# [PROVIDED ENTRIES]
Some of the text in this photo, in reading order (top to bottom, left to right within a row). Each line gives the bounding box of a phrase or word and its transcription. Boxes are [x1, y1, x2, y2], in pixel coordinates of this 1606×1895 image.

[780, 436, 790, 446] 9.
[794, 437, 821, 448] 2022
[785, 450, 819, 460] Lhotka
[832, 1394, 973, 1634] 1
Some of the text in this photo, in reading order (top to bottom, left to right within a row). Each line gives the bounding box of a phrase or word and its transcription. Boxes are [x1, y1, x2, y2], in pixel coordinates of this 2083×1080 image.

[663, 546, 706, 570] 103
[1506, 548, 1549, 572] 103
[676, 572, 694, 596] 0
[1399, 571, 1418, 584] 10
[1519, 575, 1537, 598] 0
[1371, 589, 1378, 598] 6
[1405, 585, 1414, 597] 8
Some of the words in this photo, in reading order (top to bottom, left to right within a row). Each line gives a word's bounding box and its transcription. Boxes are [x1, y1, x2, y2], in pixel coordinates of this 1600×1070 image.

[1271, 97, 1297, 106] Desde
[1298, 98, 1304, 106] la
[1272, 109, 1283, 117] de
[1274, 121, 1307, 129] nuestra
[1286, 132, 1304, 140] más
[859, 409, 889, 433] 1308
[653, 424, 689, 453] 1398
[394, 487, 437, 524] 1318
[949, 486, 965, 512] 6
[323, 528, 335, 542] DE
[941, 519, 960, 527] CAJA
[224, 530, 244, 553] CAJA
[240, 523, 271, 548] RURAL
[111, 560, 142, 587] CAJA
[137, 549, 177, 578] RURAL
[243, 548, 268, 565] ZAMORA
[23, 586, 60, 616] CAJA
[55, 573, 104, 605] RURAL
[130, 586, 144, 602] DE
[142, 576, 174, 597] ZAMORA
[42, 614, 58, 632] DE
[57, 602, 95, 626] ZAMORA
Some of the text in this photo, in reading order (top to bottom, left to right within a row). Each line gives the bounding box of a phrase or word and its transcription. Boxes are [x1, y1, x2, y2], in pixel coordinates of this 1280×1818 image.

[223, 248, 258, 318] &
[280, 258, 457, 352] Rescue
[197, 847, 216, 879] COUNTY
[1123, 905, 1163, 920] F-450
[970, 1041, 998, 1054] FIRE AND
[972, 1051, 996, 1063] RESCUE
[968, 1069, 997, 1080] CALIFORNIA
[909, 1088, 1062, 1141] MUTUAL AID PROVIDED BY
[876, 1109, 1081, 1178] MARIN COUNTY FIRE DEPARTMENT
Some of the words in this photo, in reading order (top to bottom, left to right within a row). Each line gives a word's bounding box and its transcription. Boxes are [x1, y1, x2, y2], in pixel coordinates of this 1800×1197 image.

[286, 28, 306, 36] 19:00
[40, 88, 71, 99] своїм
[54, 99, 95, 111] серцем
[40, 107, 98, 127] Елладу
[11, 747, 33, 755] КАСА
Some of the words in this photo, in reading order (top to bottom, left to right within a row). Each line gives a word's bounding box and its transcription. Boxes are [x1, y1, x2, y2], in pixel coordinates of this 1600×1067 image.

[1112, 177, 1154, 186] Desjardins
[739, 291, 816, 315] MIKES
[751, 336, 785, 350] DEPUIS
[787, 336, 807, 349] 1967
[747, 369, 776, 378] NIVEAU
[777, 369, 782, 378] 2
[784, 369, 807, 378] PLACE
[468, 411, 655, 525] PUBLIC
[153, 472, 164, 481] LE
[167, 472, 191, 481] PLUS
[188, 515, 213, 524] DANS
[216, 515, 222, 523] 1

# [WHAT IS BEING ASKED]
The full listing needs to be transcribed exactly.

# [SOLUTION FOR THIS PROBLEM]
Some of the text in this photo, in reading order (top to bottom, left to right within a row). Each line gives the bounding box of a phrase or word and its transcription. Boxes are [x1, y1, x2, y2], in pixel coordinates of this 1606×1895 image.

[780, 436, 790, 446] 9.
[794, 437, 821, 448] 2022
[785, 450, 819, 460] Lhotka
[832, 1394, 973, 1634] 1
Some of the text in this photo, in reading order (top to bottom, left to right within a row). Each line gives the bounding box of a phrase or word and its transcription. Boxes are [x1, y1, x2, y2], in pixel coordinates of this 2083×1080 image.

[663, 546, 706, 570] 103
[1506, 548, 1549, 572] 103
[676, 572, 694, 596] 0
[1399, 571, 1418, 584] 10
[1519, 575, 1537, 598] 0
[1371, 589, 1378, 598] 6
[1405, 585, 1414, 597] 8
Some of the words in this photo, in reading order (top to bottom, left to right within a row). Each line gives a word's bounding box and its transcription. Boxes are [x1, y1, x2, y2], in pixel coordinates of this 1600×1070 image.

[1271, 97, 1297, 106] Desde
[1298, 98, 1304, 106] la
[1272, 109, 1283, 117] de
[1274, 121, 1307, 129] nuestra
[1286, 132, 1304, 140] más
[859, 409, 889, 433] 1308
[653, 424, 689, 453] 1398
[394, 487, 437, 524] 1318
[949, 486, 965, 512] 6
[323, 528, 335, 542] DE
[941, 519, 960, 527] CAJA
[224, 530, 244, 553] CAJA
[240, 523, 271, 548] RURAL
[111, 560, 142, 587] CAJA
[137, 549, 177, 578] RURAL
[243, 548, 268, 565] ZAMORA
[23, 586, 60, 616] CAJA
[55, 573, 104, 605] RURAL
[130, 586, 144, 602] DE
[142, 576, 174, 597] ZAMORA
[42, 614, 58, 632] DE
[57, 602, 95, 626] ZAMORA
Some of the text in this photo, in reading order (top to bottom, left to right within a row). Each line gives the bounding box of a phrase or word and its transcription. Boxes are [x1, y1, x2, y2], in pixel coordinates of this 1280×1818 image.

[223, 248, 258, 318] &
[280, 258, 457, 352] Rescue
[197, 847, 216, 879] COUNTY
[1123, 905, 1163, 920] F-450
[970, 1041, 998, 1054] FIRE AND
[972, 1051, 996, 1063] RESCUE
[968, 1069, 997, 1080] CALIFORNIA
[909, 1088, 1062, 1141] MUTUAL AID PROVIDED BY
[876, 1109, 1081, 1178] MARIN COUNTY FIRE DEPARTMENT
Some of the words in this photo, in reading order (top to bottom, left to right within a row). Each line gives a word's bounding box and its transcription. Boxes are [x1, y1, x2, y2], in pixel coordinates of this 1800×1197 image.

[286, 28, 306, 36] 19:00
[40, 88, 71, 99] своїм
[54, 99, 95, 111] серцем
[40, 107, 98, 127] Елладу
[11, 747, 33, 755] КАСА
Some of the words in this photo, in reading order (top to bottom, left to right within a row). Each line gives a word's bounding box and its transcription. Boxes are [x1, y1, x2, y2], in pixel coordinates of this 1600×1067 image.

[1112, 177, 1154, 186] Desjardins
[739, 291, 816, 315] MIKES
[751, 336, 785, 350] DEPUIS
[787, 336, 807, 349] 1967
[747, 369, 776, 378] NIVEAU
[777, 369, 782, 378] 2
[784, 369, 807, 378] PLACE
[468, 411, 655, 525] PUBLIC
[153, 472, 164, 481] LE
[167, 472, 191, 481] PLUS
[188, 515, 213, 524] DANS
[216, 515, 222, 523] 1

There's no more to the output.